Annunziata lascia l’incarico non senza lanciare un messaggio chiaro, destinato soprattutto a quei territori che si apprestano ad affrontare le prossime tornate elettorali, in particolare in provincia di Napoli. Un messaggio che, evidentemente, non tutti hanno ancora compreso: il tempo delle decisioni solitarie è finito.

Il Partito democratico ha scelto la strada del campo largo, un’alleanza strutturata con il Movimento 5 Stelle, già sperimentata a livello nazionale e regionale. Un patto politico che impone un metodo preciso: i nomi dei candidati sindaco non possono più nascere esclusivamente nei circoli o nelle dinamiche interne al Pd, ma devono passare necessariamente dal confronto con gli alleati.

In provincia di Napoli saranno 26 i Comuni chiamati alle urne. Ventisei partite aperte che rientrano tutte nella logica dell’accordo tra Pd, M5S e Alleanza Verdi e Sinistra. In questo schema, alcune candidature toccheranno al Pd, altre ai 5 Stelle, altre ancora ad Avs. Una distribuzione che risponde a un disegno politico complessivo e non a equilibri locali cristallizzati.

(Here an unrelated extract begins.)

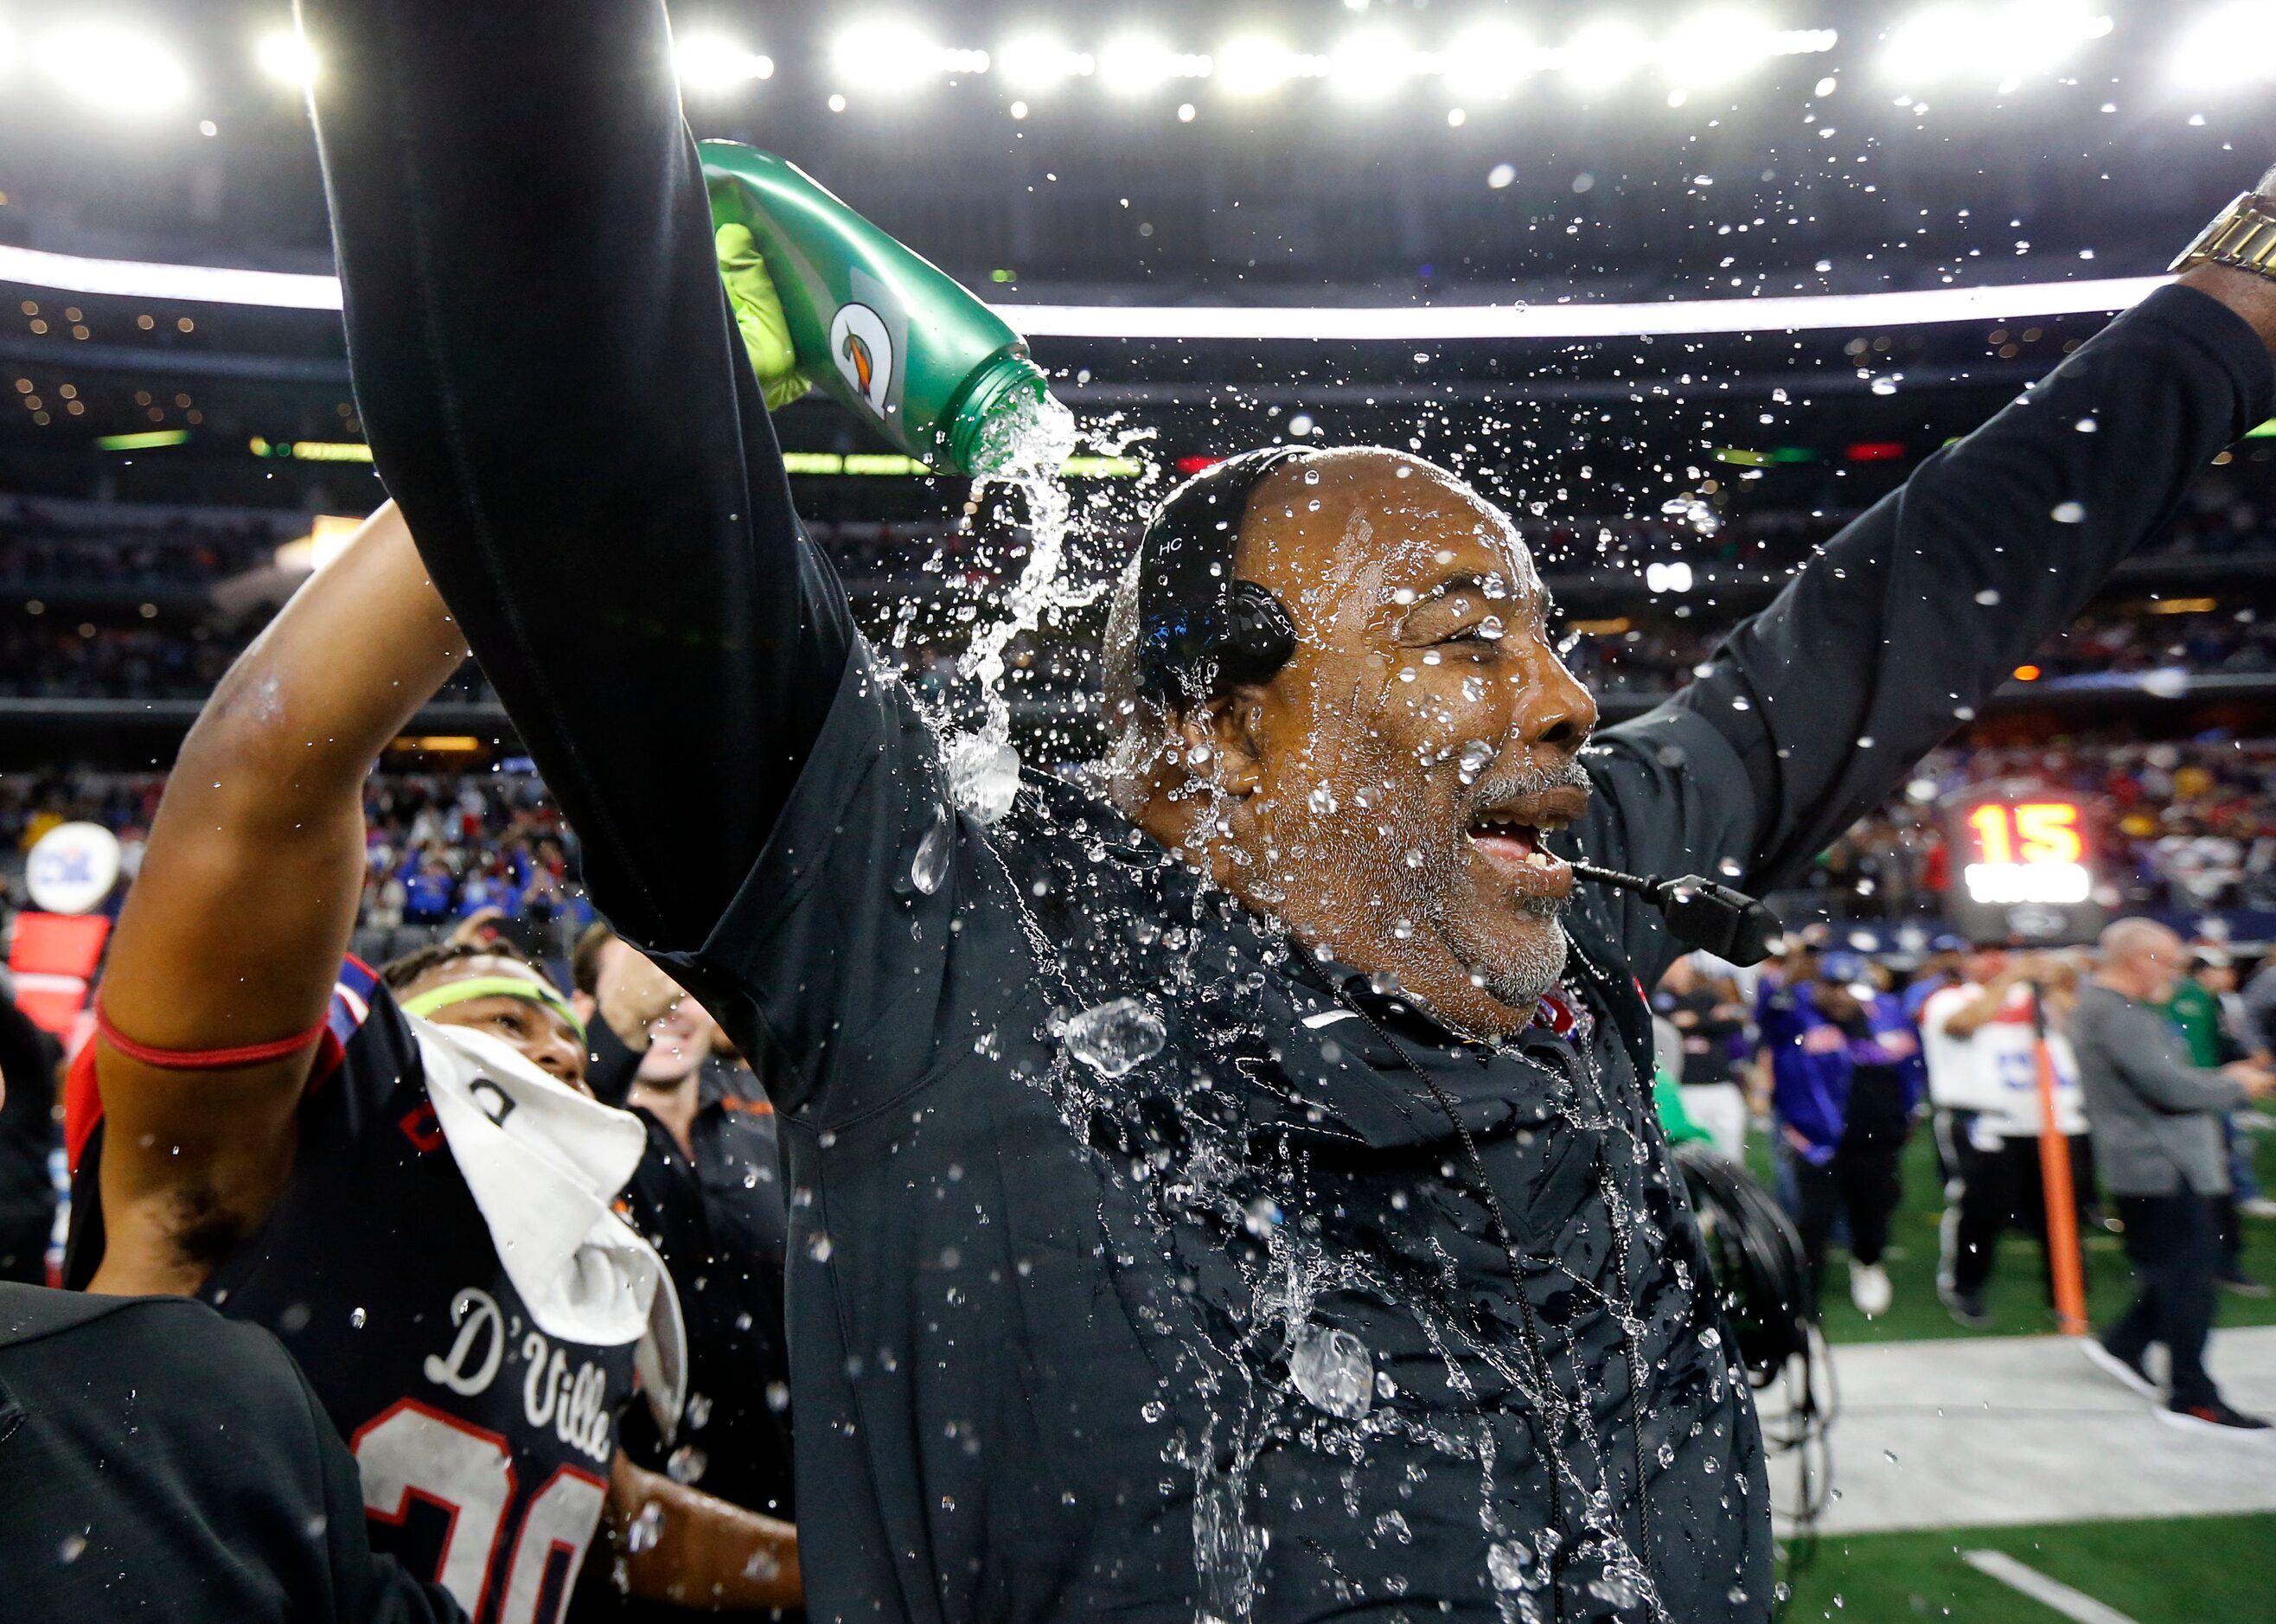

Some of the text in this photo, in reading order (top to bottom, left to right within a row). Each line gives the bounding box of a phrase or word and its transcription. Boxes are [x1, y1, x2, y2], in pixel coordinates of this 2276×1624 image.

[1159, 537, 1183, 556] HC
[1968, 802, 2082, 866] 15
[424, 1285, 612, 1463] D'Ville

Il segnale è netto: non è detto che ciò che decidono i circoli sia il Vangelo. La stagione delle autosufficienze è archiviata. Chi non lo capisce rischia di restare ai margini di una strategia che guarda alle alleanze come unica via possibile per tornare competitivi.

Con l’arrivo di Dinacci, il Pd metropolitano si prepara dunque a voltare pagina, allineandosi senza ambiguità alla linea della segreteria nazionale. Il campo largo non è più un’ipotesi: è la rotta tracciata. E chi vuole restare a bordo dovrà adeguarsi.